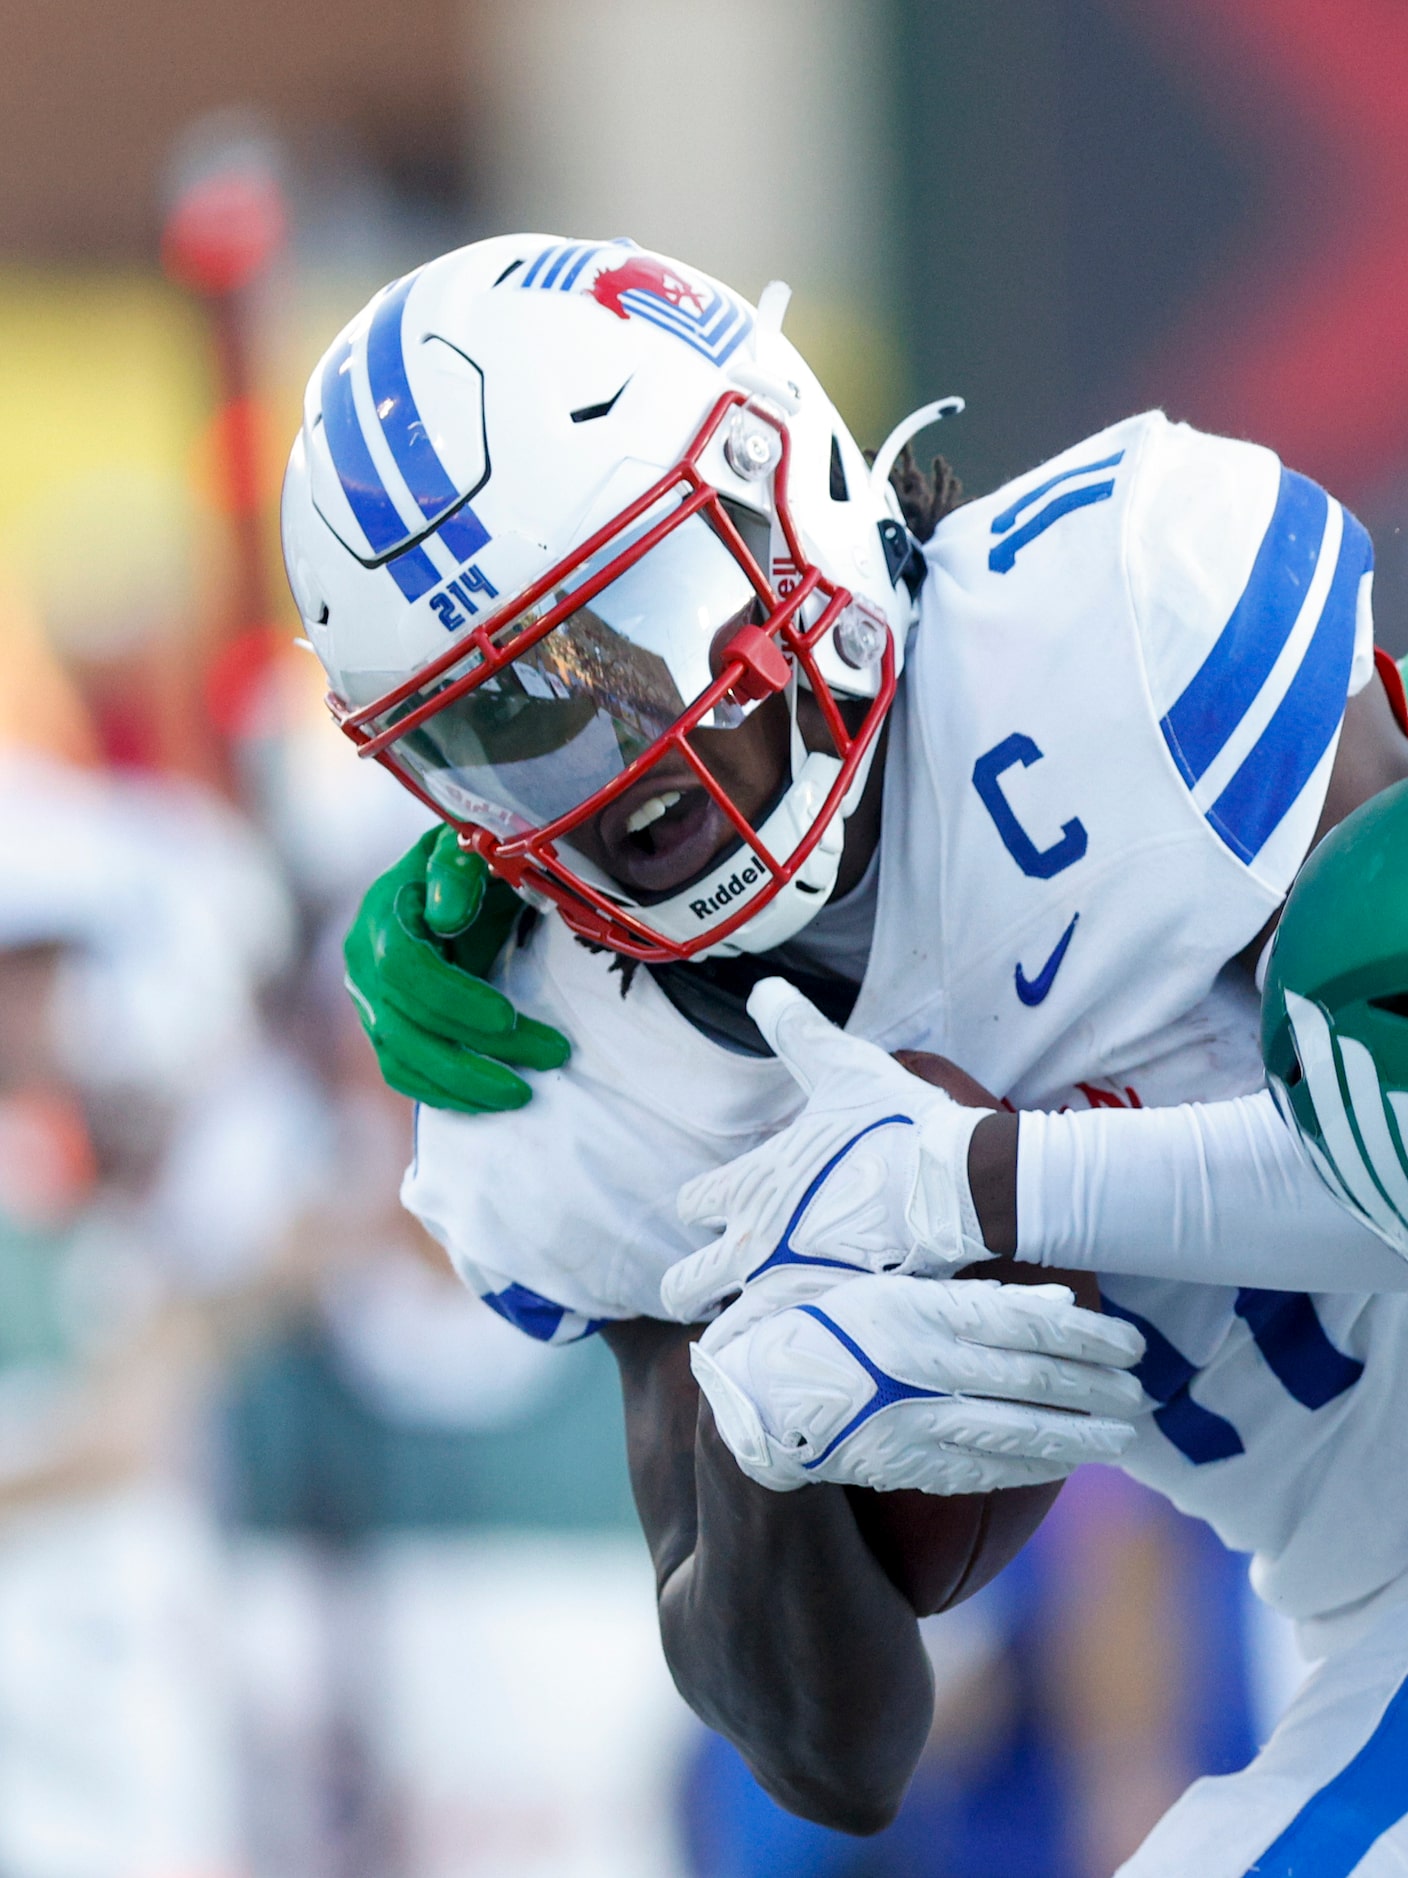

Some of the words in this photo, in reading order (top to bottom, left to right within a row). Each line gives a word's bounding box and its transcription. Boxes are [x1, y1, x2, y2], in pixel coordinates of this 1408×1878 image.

[987, 448, 1127, 575] 11
[429, 563, 500, 633] 214
[971, 731, 1089, 880] C
[688, 855, 766, 921] Riddel

-=-=-

Leave out the pictures and output the rest of the records exactly.

Some of the words in this photo, in reading order (top to bottom, left to right within a row). Each line gives a word's bounding box and its transcription. Boxes are [x1, y1, x2, y2], in pixel coordinates of this 1408×1878 image.

[987, 448, 1127, 575] 11
[429, 563, 500, 633] 214
[971, 731, 1089, 880] C
[688, 855, 766, 921] Riddel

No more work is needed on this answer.